While US technological assistance has helped reduce the number of illegal drug flights coming out of Colombian territory to almost zero, traffickers have an easy alternative just across the border in Venezuela. “One of the problems we face is that the border area is very large,” Colombian Colonel Mauricio Gonzalez told CNN. “We’ve stopped the flights that try to depart Colombia with drugs, but narcotraffickers take advantage of the areas we cannot control.”

Crossing the border

Ongoing tensions, in which Colombia has recognized Venezuela’s opposition leader Juan Guaido as its interim president, meant few Colombian officials would mention Venezuela by name. But it was clear that most of the cocaine grown in Colombia’s Vichada border region is trafficked across the long, porous eastern border.

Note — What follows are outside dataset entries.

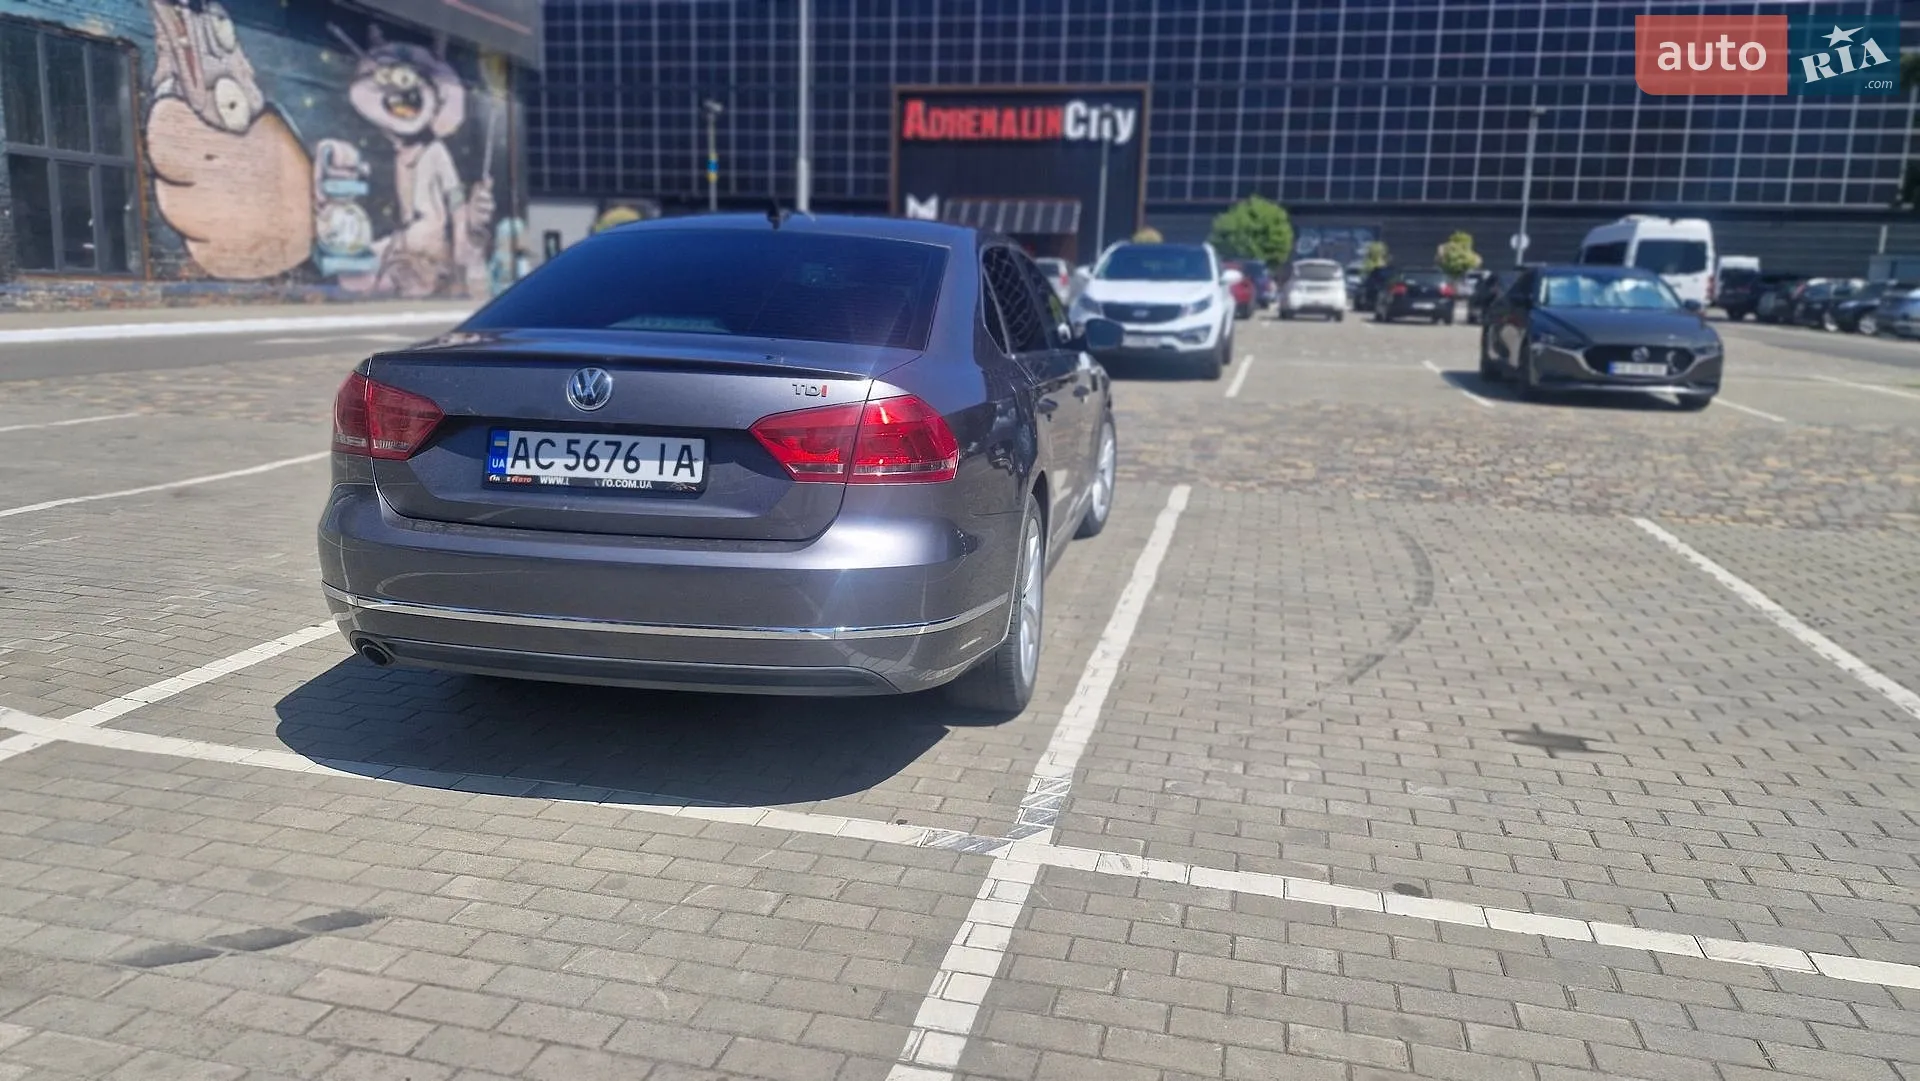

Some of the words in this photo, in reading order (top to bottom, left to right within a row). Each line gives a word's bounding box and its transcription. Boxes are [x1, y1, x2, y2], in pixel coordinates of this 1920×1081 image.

[792, 384, 828, 398] TDI
[491, 456, 505, 469] UA
[510, 437, 557, 471] AC
[564, 438, 641, 475] 5676
[658, 442, 696, 478] IA
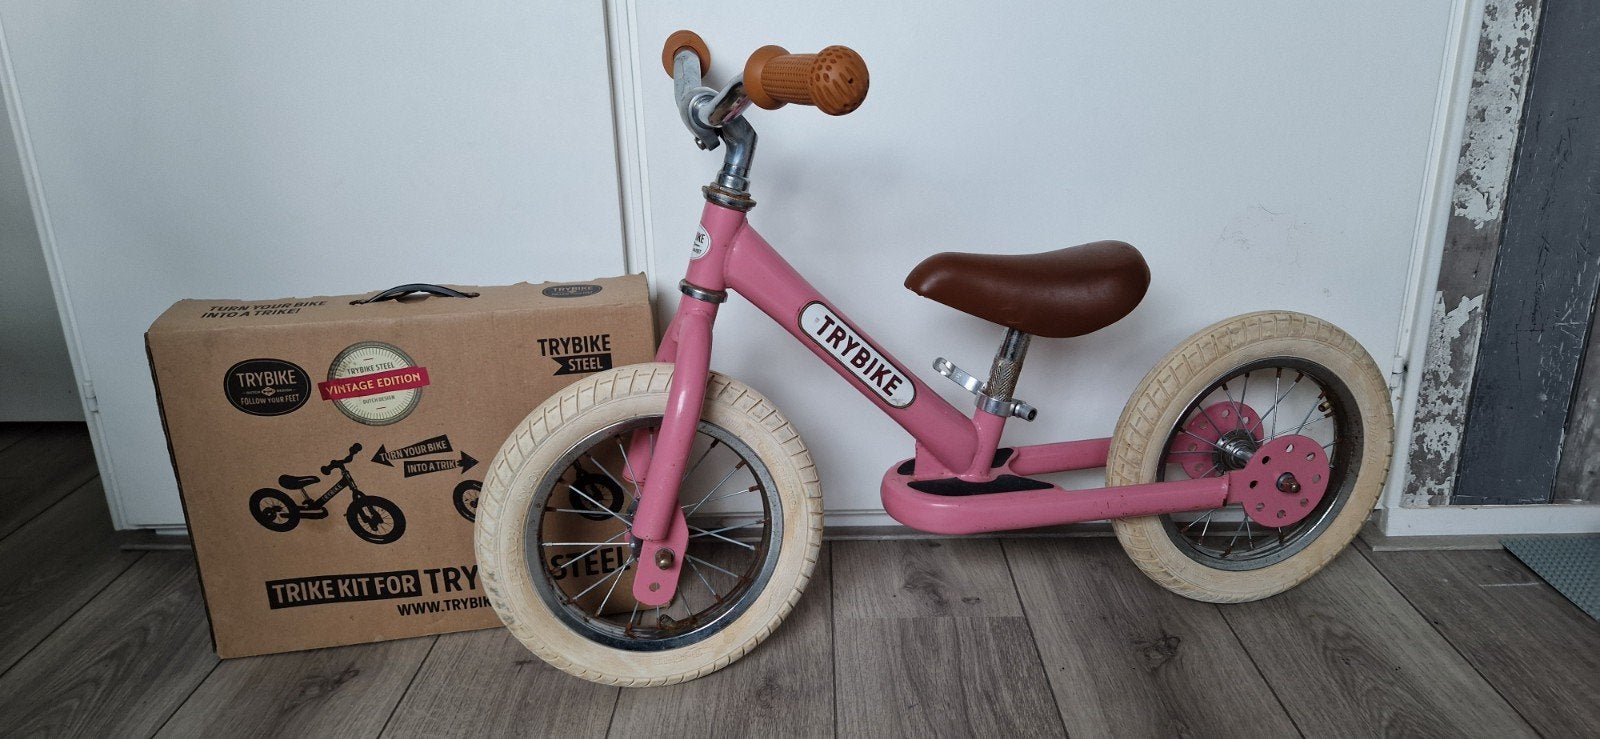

The Colombian Air Force flew CNN over Vichada, to see the dozens of “trochas”, or tiny pathways, along which pure cocaine powder or less refined paste is trafficked. Small clearings in the forest where coca leaves are harvested, and tiny white shacks – suspected of being cocaine laboratories – were easy to spot.

The Colombian helicopters are not allowed to fly closer than five miles to Venezuela’s actual border, and stay above 2,300 feet to avoid risking the machine-gun fire of drug traffickers below. The helicopter CNN flew in dropped leaflets on the villages below, encouraging locals to respect the environment they lived in, an oblique code for turning their backs on the drug trade.

Once inside Venezuela, the drugs are then whisked through military checkpoints and escorted or waved on by the army, allege US and regional officials and several Venezuelan army defectors.

A defector from the Venezuelan border patrol told CNN that it was once his task to pick out trucks carrying traffickers’ cocaine and ensure they passed through the border swiftly. He said this happened as often as three times a week, during the five-year period he served in the border region.

“Brainwashed with food handouts”

“The cars that crossed with both weapons and drugs were pick-up (trucks),” the defector told CNN, hiding his identity and location for fear of reprisals. “We would be told the color and make of the truck, and when (it would come) – usually at just after dawn or dusk.”

Speaking in hiding with his family in Colombia, he said his senior officers provided precise instructions. “Everything was coordinated by the brigade commander. He’d send a lieutenant to tell you what needed to cross, and this was arranged high up above. Those who didn’t agree were swapped out… Automatically.”

The defector described how tensions mounted in the early months of 2019, as the power struggle between Guaido and Maduro ramped up inside his border region. His unit was almost confined to barracks, but permitted to let the vital border contraband continue at pace.

“We were locked on the base” when not on duty, he said. “The general would say: ‘Everyone must be with us. Leave, or speak against the government – you’ll get arrested.’”

“They had us brainwashed with food handouts,” he added, referring to the subsidized food boxes that help state employees deal with the devastating impact of hyperinflation on family food purchases.

“One night, I couldn’t take it anymore. I went home, and told my wife, ‘We leave for Colombia!’ My son started crying and son said: ‘Dad what are we going to do?’ But I knew if they stayed without me they’d be captured or interrogated.” He and his family fled across the border at 3 a.m., using a route the he had noticed was being badly guarded.